Questa è la premessa, poi l'autore si addentra nei disturbi del singolo e pian piano ci fa conoscere la loro realtà e finalmente si compie la svolta: ma saranno loro gli anormali o è il resto della società? Di sicuro gli individui nella società sembrano più solidi, con valori più definiti, puri se si vuole… ma saranno ancora così umani nella loro pura perfezione? Dunque ben vengano gli psicotici, gli autistici e i malati poiché nella loro debolezza forse è la vera natura dell'uomo, nella loro allucinazione l'autentica realtà.
E' il singolo contro il complessivo e Marte non rappresenta la soluzione a questa dicotomia, anzi ne è l'estremizzazione: in condizioni estreme spesso si è portati all'estremo e così, lì, accade con pericolose spedizioni di conquista, il mercato nero per beni alimentari, le lobby spregiudicate per accaparrarsi la fornitura dei servizi di prima necessità, le istituzioni robotizzate insegnanti e disumanizzanti, le dittature sindacali ecc. ecc.
In una simile società l’individuo ha paura del contatto umano, si auto emargina nella propria solitudine facendosi addirittura scudo con le figure degli psicologi che Dick immagina come veri e propri sciacalli che, invece di guarire i disturbi dei malati, trovano molto più semplice e remunerativo farsi carico delle loro incombenze sostituendoli fisicamente ad ogni occasione.
È questo quello a cui andiamo incontro? È questo misero destino da auto-ghettizzati che ci riserva il futuro se non cambiamo il nostro modo di vivere? Il futuro della società umana è l’auto distruzione? Sono queste le domande che infondo si pone Philip K. Dick.
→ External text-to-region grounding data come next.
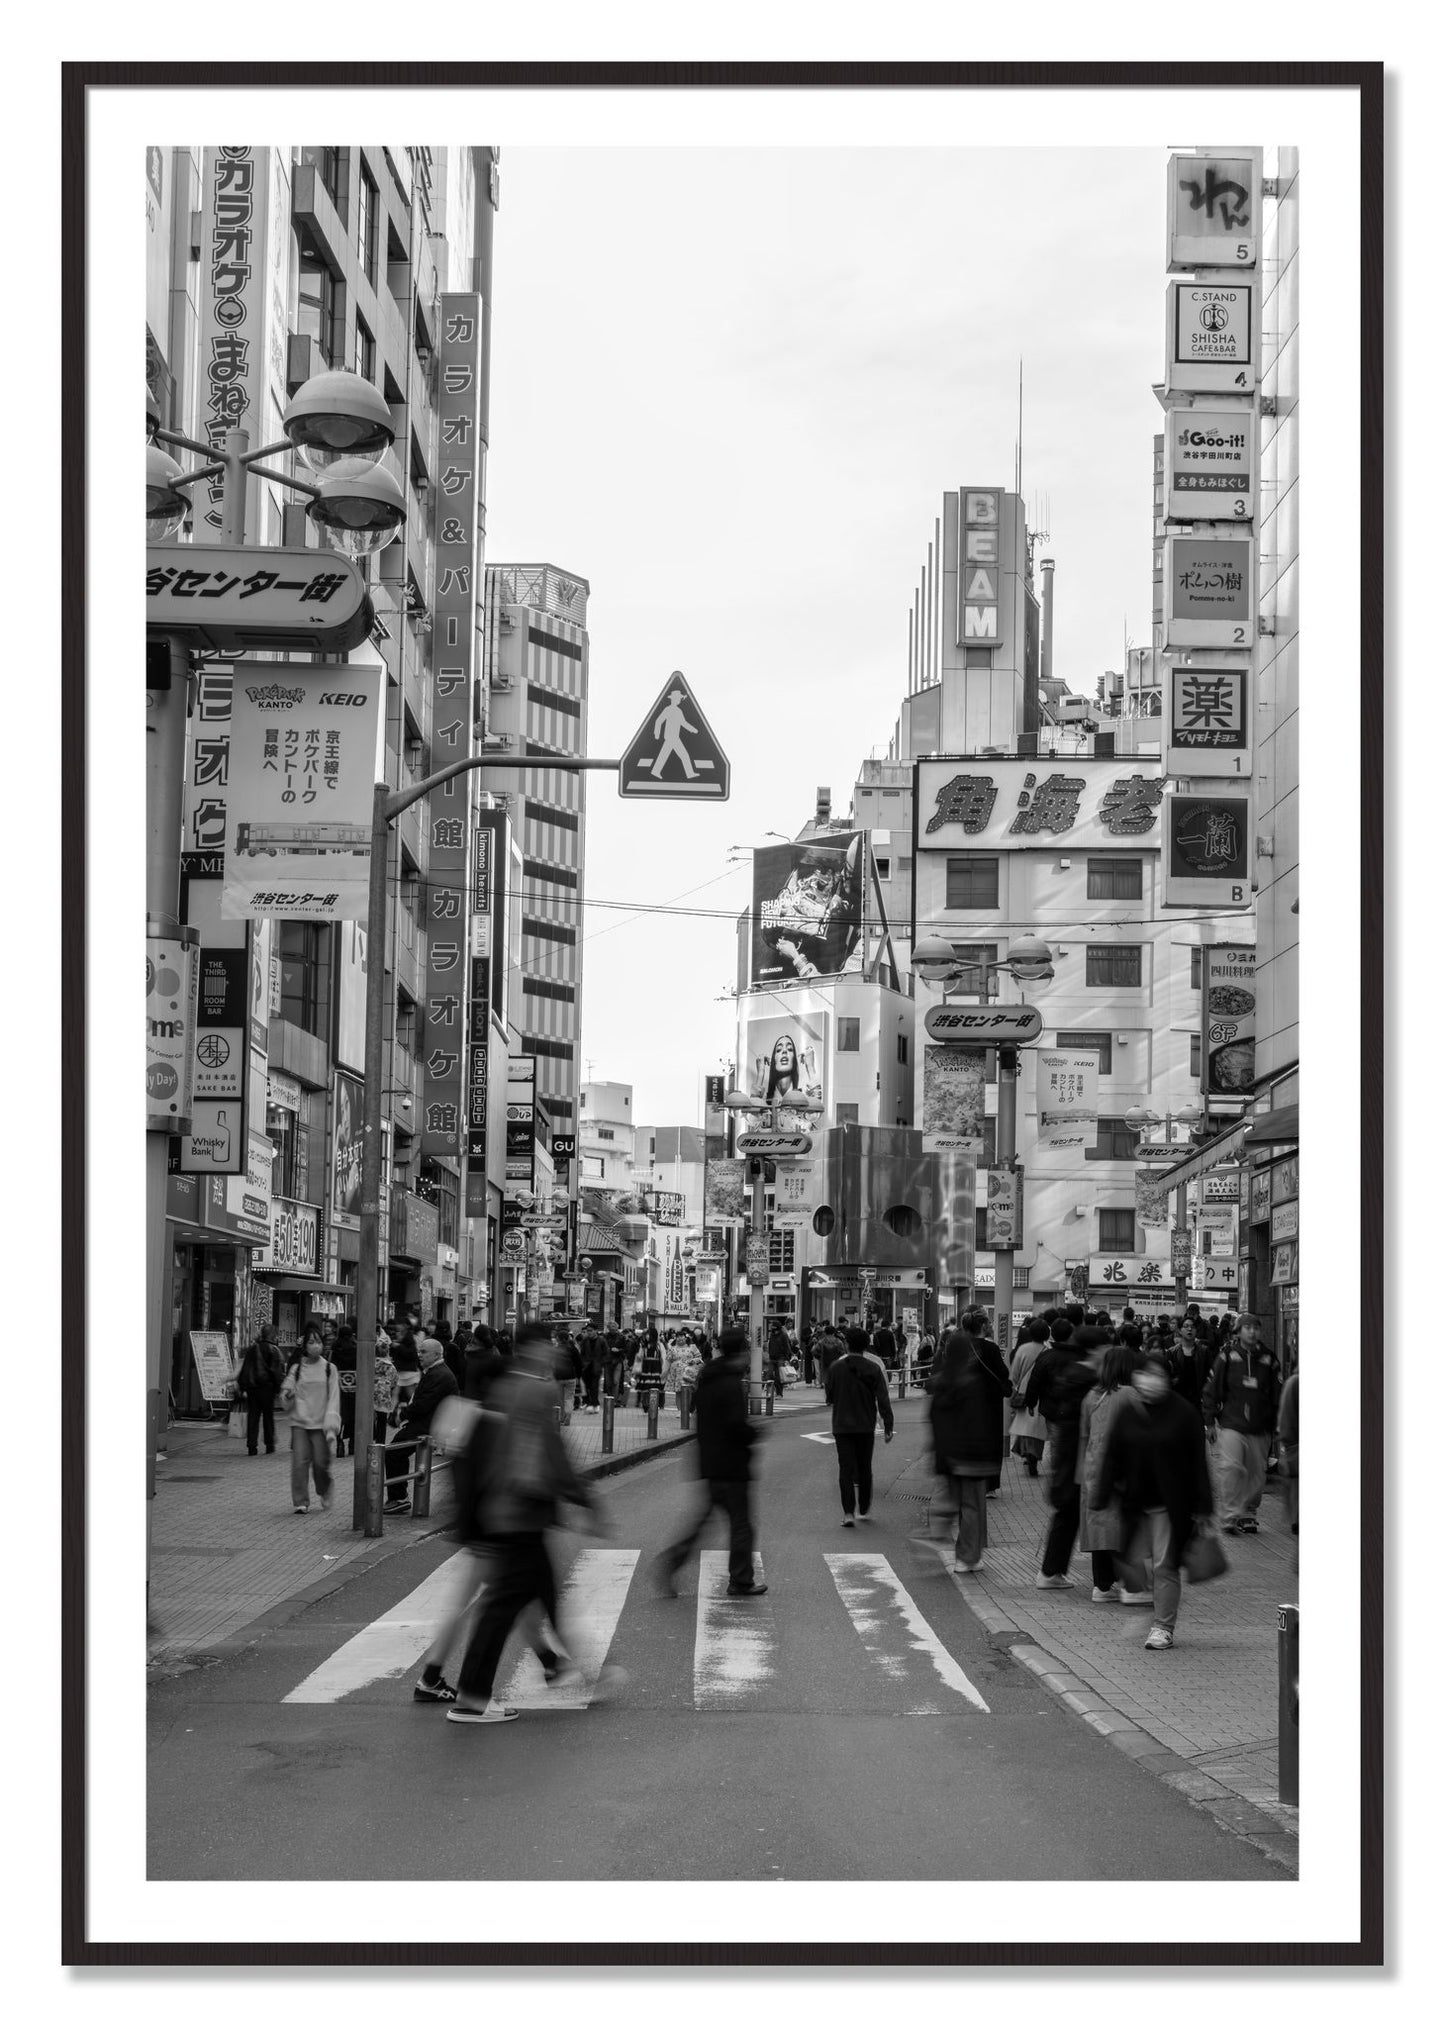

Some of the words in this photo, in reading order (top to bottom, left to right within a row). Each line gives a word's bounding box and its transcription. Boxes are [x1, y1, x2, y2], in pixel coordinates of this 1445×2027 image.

[212, 159, 254, 299] カラオケ
[1236, 244, 1249, 260] 5
[1191, 292, 1237, 302] C.STAND
[1191, 333, 1236, 344] SHISHA
[1191, 344, 1236, 353] CAFE&BAR
[1234, 371, 1247, 387] 4
[1190, 431, 1245, 447] Goo-it!
[1183, 451, 1241, 460] 渋谷宇田川町店
[1178, 476, 1246, 488] 全身もみほぐし
[1234, 499, 1246, 516] 3
[965, 493, 998, 638] BEAM
[1179, 571, 1244, 590] ポムの樹
[1233, 627, 1245, 643] 2
[258, 701, 293, 709] KANTO
[319, 693, 367, 707] KEIO
[1182, 676, 1233, 727] 薬
[1176, 731, 1238, 745] マツモトキヨシ
[262, 729, 279, 772] 冒険へ
[281, 729, 299, 803] カントーの
[302, 729, 320, 804] ポケパーク
[323, 730, 340, 790] 京王線で
[1232, 757, 1241, 772] 1
[925, 772, 1167, 835] 角海老
[1177, 813, 1238, 861] 一蘭
[479, 833, 488, 869] kimono
[250, 893, 339, 906] 渋谷センター街
[1232, 885, 1243, 902] B
[204, 968, 227, 976] THIRD
[427, 889, 460, 1133] カラオケ館
[932, 1014, 1036, 1028] 渋谷センター街
[1209, 1023, 1238, 1043] 6F
[156, 1072, 176, 1087] Day!
[192, 1138, 226, 1148] Whisky
[554, 1141, 574, 1152] GU
[741, 1138, 803, 1146] 渋谷センター街
[191, 1147, 211, 1156] Bank
[673, 1259, 682, 1302] BEER
C’è una qualche soluzione per evitare tutto ciò? Per prevenire questo problema?
Sì, e la risposta è un bambino autistico, un essere debole, antiteticamente contrapposto all’ingombrante solidità di tutti gli altri. Un bambino piccolo che, solo, ha la precognizione, la visione del futuro, o forse nella sua immacolata ingenuità la conoscenza e l’esperienza per capire le conseguenze della corruzione di quel mondo. Come ogni moderno profeta di sventura però quel bambino non viene ascoltato, anzi viene classificato come malato, matto, indesiderato e per questo emarginato. Fino all’ultimo, fino a quando qualcuno comprende il suo potere, ma ancora una volta quel qualcuno non sfrutta la sua verità per salvare Marte, ma per fare i propri interessi riallineandosi perfettamente a quelli che sono i principi sociali, tanto che alla fine il bambino profeta compie l’atto estremo: si auto emargina volontariamente da tutto ciò che lo circonda ritrovando una nuova identità in un gruppo di individui separati, primitivi, per questo estranei a quella irrefrenabile corsa verso l’autodistruzione e per questo umanamente autentici.
E gli altri? Quelli che assistono a tutto ciò? Non possono farci nulla: pur facendone parte è un processo molto più grande di loro, pur avendo la consapevolezza di quel che gli riserva il futuro non hanno via di scampo e non ci tengono ad averla, continuano a vivere normalmente, trovandosi molto più a loro agio nel loro preconfezionato loculo globale.
Letto in questo modo poco importa dove sia temporalmente e geograficamente ambientato il romanzo. Nel futuro su Marte, ma per la linearità della trama poteva anche essere l’ ‘800 nel Far West, anzi per certi aspetti si capisce che l’autore ha risentito del filone narrativo – cinematografico in voga all’epoca: la conquista delle nuove terre, la società violenta, fino all’immancabile duello finale a colpi di rivoltella. In fondo è naturale che sia così: il Far West per la società dell’ '800 rappresentava una terra di conquista, l’ultima frontiera; per la società moderna l’ultima frontiera è lo spazio, Marte. Ma come si diceva poco importa, poiché tutto in realtà è una metafora di quelle che sono le preoccupazioni dell’uomo, di quelli che sono i problemi verso cui, secondo l’autore, stiamo andando incontro di nostra spontanea (e stupida) volontà.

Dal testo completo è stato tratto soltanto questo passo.